Tsipras signs an agreement with Amel, a center-right party - The two formations, politically polar opposites, are united by the objective of fighting against the austerity imposed by the Troika - Syriza won 36,36% of the votes, equal to 149 seats, only two short of the absolute majority – The new allies bring 13 seats

Greece has a government: agreement between Syriza and the anti-austerity right

“Greece has a new government”. This was announced this morning in Athens by Panos Kammenos, leader and founder of Amel, the nationalist party of Independent Greeks, after reaching an agreement with Syriza

The alternative left party led by Alexis Tsipras won early elections on Sunday with 36,36% of the votes, equal to 149 seats, only two less than the absolute majority, and therefore chose to ally with the right-wing formation, which brings 13 seats. 

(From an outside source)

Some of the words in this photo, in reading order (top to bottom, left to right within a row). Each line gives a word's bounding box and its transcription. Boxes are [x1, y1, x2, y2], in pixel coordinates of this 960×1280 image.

Although poles apart politically, the two parties are united by the goal of fight against the austerity imposed so far on Greece by the Troika. The agreement therefore opens up to the short-term assignment of the task of forming the government to Tsipras by the outgoing president Karolos Papoulias. Anel was born in 2012 from a split of the conservatives of Nea Dimokratia.

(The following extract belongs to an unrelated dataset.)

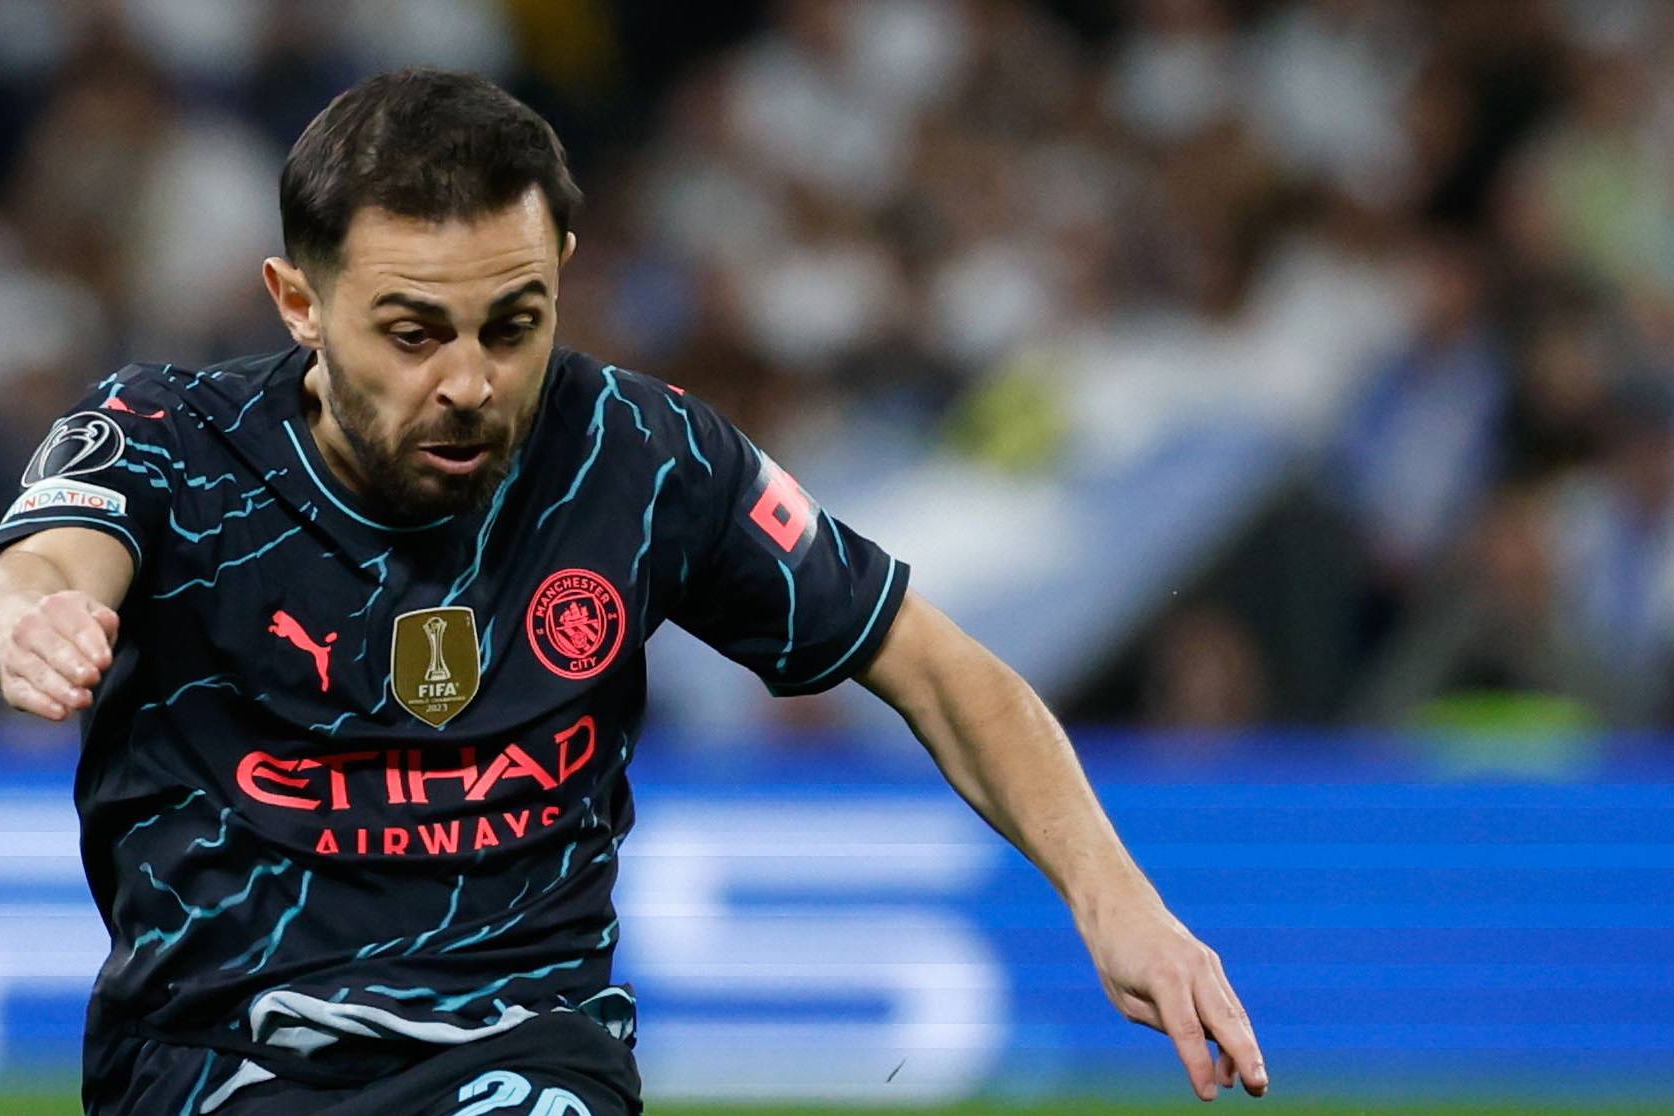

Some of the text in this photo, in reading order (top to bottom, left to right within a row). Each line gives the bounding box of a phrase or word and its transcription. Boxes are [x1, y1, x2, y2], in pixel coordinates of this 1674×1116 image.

“The Greek people made history: no more austerity. The troika is the past. Now dignity to the people”, commented Tsipras immediately after the announcement of the election result.

In the electoral ranking it is clearly detached Nea Demokratia, the conservative party led by outgoing premier Antonis Samaras, which stopped at 28,1%. In third place were the neo-Nazis of Golden sunrise (6,3%), ahead of the new centre-left formation, To Potami, which garnered 5,9% of the vote and which had promised external support for the Tsipras government.

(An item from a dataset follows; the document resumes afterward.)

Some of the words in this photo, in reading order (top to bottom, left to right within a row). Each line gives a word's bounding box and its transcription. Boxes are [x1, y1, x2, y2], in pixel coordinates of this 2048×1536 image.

The Communists have done worse Kke (at 5,4%) and the supply (reduced to 4,7%), while ex premier Papandreou's new party has not passed the threshold and remains outside the Parliament.

“Hope has won – added Tsipras -. We will negotiate the right financial solution with Europe, but we will not respect the agreements of the past”. This is precisely the point that arouses the fears of Brussels, Germany and all the European institutions. Already today on the Greek case there will be a super-summit between the president of the European Commission, Jean Claude Juncker, the president of the Council, Donald Tusk, and the number of the ECB, Mario Draghi.

Tsipras will probably ask to extend the terms of the debt and to reduce interest rates and the possibility or not of finding a solution to the Greek case will be played on this in the coming weeks.

An opening from the ECB has already arrived: "Athens has to pay, they are the European rules of the game - he said in an interview with the Europe 1 radio station Benoit Coeure, member of the executive board of the European Central Bank – but a discussion, for example, on debt rescheduling is not excluded”.